5. ATN affects proximal tubules, not distal, so kidneys still respond to ADH. In patients with ATN, they lose the ability to pull back solutes so their urine will have the same electrolyte concentrations as blood, i.e. whatever you put in them IV or PO. If they are hypernatremic, however, realize that that may trigger ADH secretion, which will pull back water and make the urine appear more concentrated and may give a false illusion of normal function. In reality, people who are experiencing ATN (say after transplant) generally will produce a more dilute urine; this may be because of more widespread damage (involving tubules) that makes the kidneys unable to pull back water. Or this may be due to fewer functional glomeruli, increased filtration pressure combined with more tubular dysfunction through the remaining ones. In any case, the results is that if you're giving someone NS and they're peeing out 1/2NS, they will become hypernatremic so watch for that. 24 hour urine electrolytes are much more accurate than spot checks, as they adjust for short-term variations in ADH
6. Hepatorenal syndrome-- there is nothing wrong with the kidneys per se, at least not at first. The physiology is essentially prerenal, involving a combo of shunt away from the kidneys (splanchnic vasodilation) and global vasoconstriction in the kidneys unresponsive to NO treatment. If the patient receives a liver transplant, the hepatorenal will be cured. Otherwise, over time, ischemia will develop and irreversible damage. The time frame is thought to be around 3 mos-- before then, do not transplant a kidney! Just dialyze them.

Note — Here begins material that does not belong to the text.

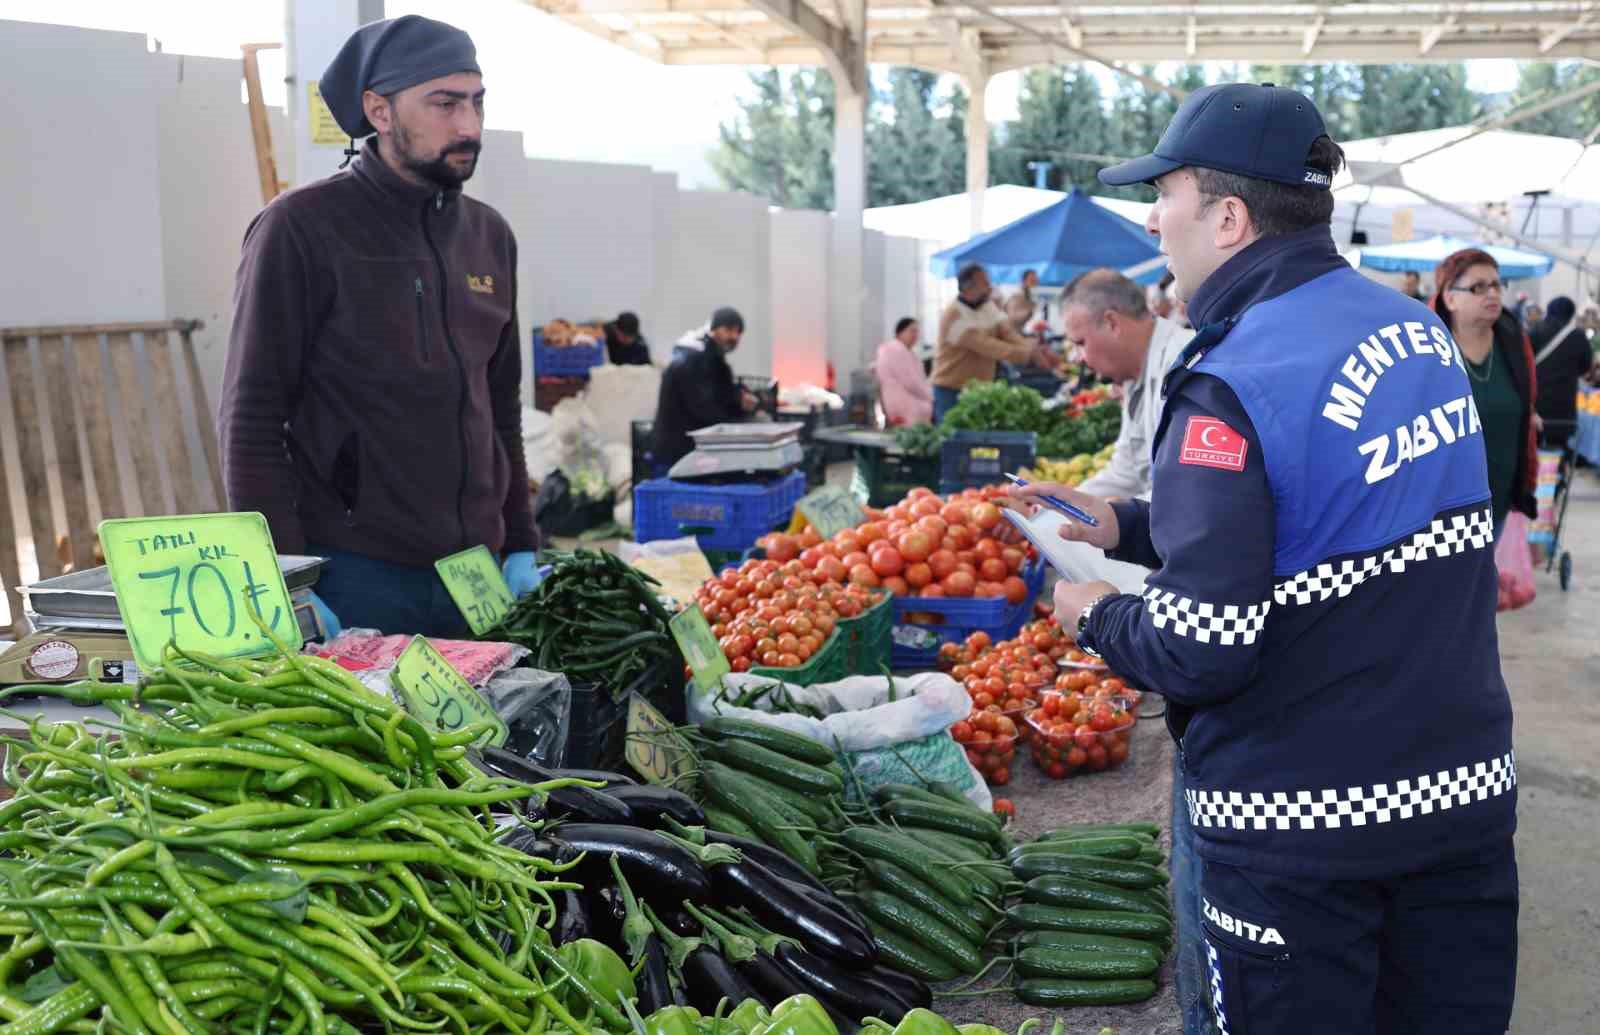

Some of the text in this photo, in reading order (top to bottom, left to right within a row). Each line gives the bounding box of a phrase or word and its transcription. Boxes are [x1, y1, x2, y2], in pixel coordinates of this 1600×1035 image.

7. A gunshot wound to the head can trigger DIC, as brain lipids released into the blood can activate the coagulation pathway. These people may or may not be good organ donors, depending on the extent of organ thrombosis. Kidneys for example-- if you have a big clot that lead to whole-kidney ischemia, that organ isn't going to be transplantable, but microvascular occlusions will heal over time.
8. In someone with diabetic retinopathy, the significant fluid shifts and vital sign changes that inevitably accompany surgery can cause rupture and bleeding of the eye vessels. Before you go for surgery, they may need laser retina surgery to stabilize their retinopathy-- get clearance from optho.

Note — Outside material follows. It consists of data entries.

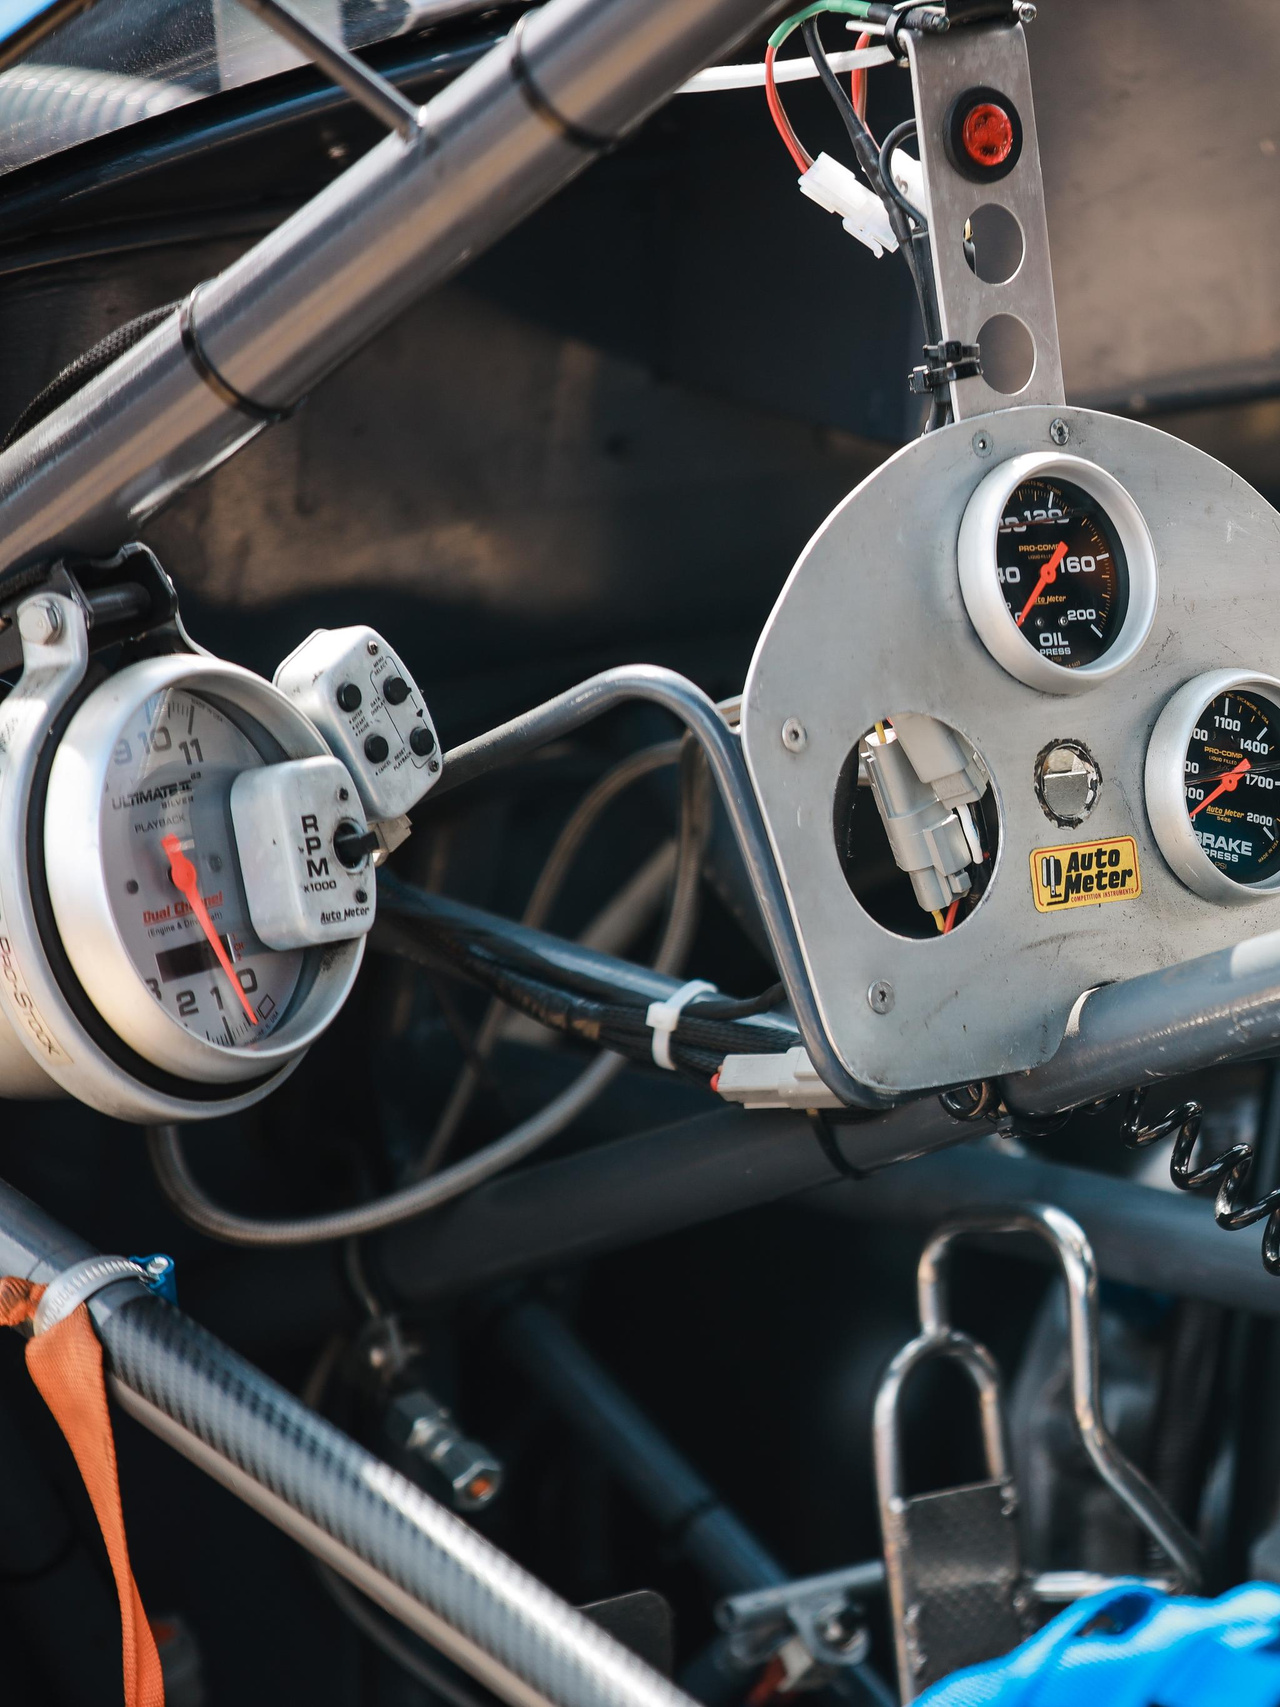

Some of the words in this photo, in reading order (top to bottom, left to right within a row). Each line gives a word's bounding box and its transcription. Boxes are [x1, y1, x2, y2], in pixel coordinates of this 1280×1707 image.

[1023, 509, 1069, 523] 120
[1060, 555, 1096, 573] 160
[1046, 595, 1067, 605] Meter
[1067, 609, 1096, 621] 200
[1039, 632, 1069, 647] OIL
[1039, 647, 1071, 657] PRESS
[1214, 715, 1241, 732] 1100
[137, 726, 172, 755] 10
[1240, 738, 1269, 755] 1400
[113, 738, 132, 766] 9
[178, 738, 204, 766] 11
[1204, 746, 1243, 759] PRO-COMP
[1244, 774, 1274, 790] 1700
[112, 782, 178, 810] ULTIMATE
[161, 795, 194, 809] SILVER
[1206, 805, 1224, 814] Auto
[1223, 809, 1245, 818] Meter
[1247, 812, 1273, 827] 2000
[134, 813, 187, 834] PLAYBACK
[1194, 830, 1252, 856] BRAKE
[1066, 848, 1121, 874] Auto
[1203, 848, 1239, 863] PRESS
[1063, 869, 1133, 904] Meter
[1070, 892, 1102, 903] COMPETITION
[1102, 887, 1135, 898] INSTRUMENTS
[142, 905, 171, 925] Dual
[320, 911, 342, 925] Auto
[343, 906, 370, 921] Meter
[147, 925, 176, 940] (Engine
[236, 967, 258, 994] 0
[176, 990, 199, 1017] 2
[209, 986, 224, 1010] 1

9. Dialysis can cause b-2 microglobulin amyloidosis, since dialysis machines are not always good at clearing it. Clinical symptoms are mostly related to joint/bone pain: carpel tunnel syndrome, scapulohumeral periarthritis, spondyloarthropathy, cystic bone lesions. You can get also get deposits in the GI tract that may interfere with absorption. Longer, slower dialysis leads to lower incidence of this since it clears the amyloid better (overnight is best), as do some high-flux dialysis membranes.
10. If someone is going to be on a ventilator for a long time (>1-2 weeks), they have to get a trach. Endotracheal tubes are associated with increased morbidity with long-term use.